Troia e psicopatica!
Io avevo bisogno di aiuto, e lei allora?! Che nervi!
Entrai a casa e richiusi sbattendo forte il portone. Non mi interessava di fare rumore, a quel paese tutti quanti! Lanciai la borsa per terra e gli lanciai sopra la giacchetta.
«E ciao anche a te.» disse sarcastico Steven dalla cucina. Chiuse il giornale, tolse i piedi dalla sedia e sentii il suo sguardo addosso.
Lo ignorai e mi andai a scaraventare sul divano con la faccia soffocata nel cuscino. Avevo voglia di piangere. Di ammazzarla e di piangere.
«Come mai così presto? Problemi?» la sua voce comparve sopra la mia testa. Poi fece il giro, mi spostò i piedi e si sedette dall'altra parte del divano.
Come aveva potuto lei?
Come aveva potuto lui?

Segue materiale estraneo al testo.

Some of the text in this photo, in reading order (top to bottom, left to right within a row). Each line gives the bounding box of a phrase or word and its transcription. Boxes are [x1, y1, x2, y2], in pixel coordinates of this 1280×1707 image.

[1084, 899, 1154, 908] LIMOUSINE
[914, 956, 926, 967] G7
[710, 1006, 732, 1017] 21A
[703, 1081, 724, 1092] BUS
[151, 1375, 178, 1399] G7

Come poteva non fidarsi di me? 
«Micha...» disse toccandomi una spalla e avvicinandosi di più.
Erano anni che lavoravo lì, non uno, non due, erano sei maledettissimi anni! Sei anni che facevo sempre le stesse giuste cose, quelle che mi venivano richieste, con la massima onestà. Lui mi conosceva meglio di chiunque altro, si era fidato sin da subito di me perché aveva sin da subito capito di poterlo fare... Allora cosa c'era adesso che non andava? Cosa gli era preso? In sei anni era invecchiato tanto da aver preso a ragionare con le parti basse invece che con la testa?

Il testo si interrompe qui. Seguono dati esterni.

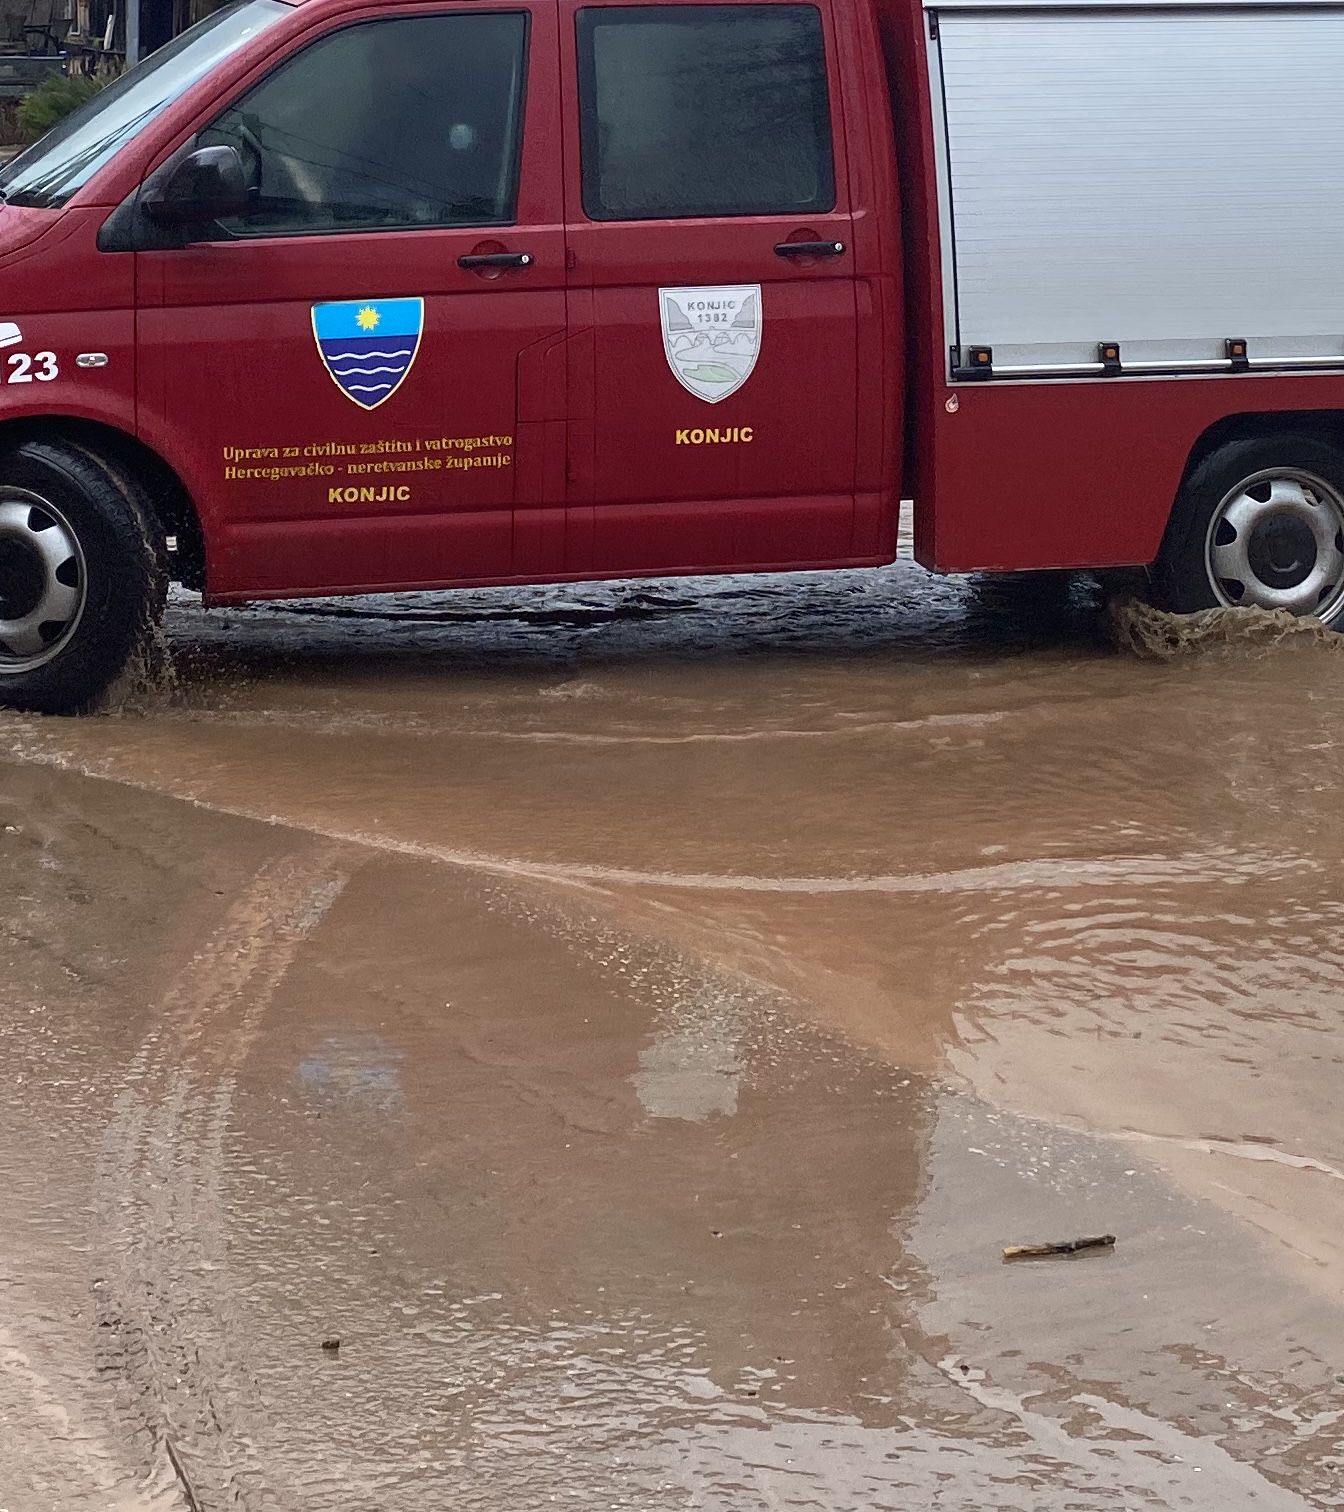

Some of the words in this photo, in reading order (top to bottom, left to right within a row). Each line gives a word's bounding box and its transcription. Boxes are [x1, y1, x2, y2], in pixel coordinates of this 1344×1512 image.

[687, 300, 736, 311] KONJIC
[697, 313, 728, 323] 1382
[675, 427, 754, 445] KONJIC
[223, 446, 279, 462] Uprava
[282, 446, 300, 458] za
[304, 442, 357, 457] civilnu
[359, 439, 413, 455] zaštitu
[415, 439, 421, 452] i
[424, 435, 513, 452] vatrogastvo
[347, 456, 443, 474] neretvanske
[445, 452, 512, 471] županije
[328, 485, 411, 503] KONJIC

Aveva la possibilità di distruggermi, due sole parole e avrei finito...
«Ehi... Dai, non fare così.» mormorò spostandosi e sedendosi per terra al mio fianco quando in silenzio iniziai a singhiozzare. Mi carezzò la spalla delicatamente, forse titubante.
«Se ti ostini a tenere ancora la faccia nel cuscino soffochi. Spiegami cos'è successo.» mi scostò una ciocca di capelli e la girò dietro l'orecchio.
«Sta andando tutto male.» singhiozzai girando un po' la testa «La storia della casa, la salute, Nick che non c'è mai, adesso anche il lavoro... Quale atroce peccato sto mai scontando?» parlai più a me stessa che non a Steven. Una lacrima rigò il naso e macchiò il cuscino.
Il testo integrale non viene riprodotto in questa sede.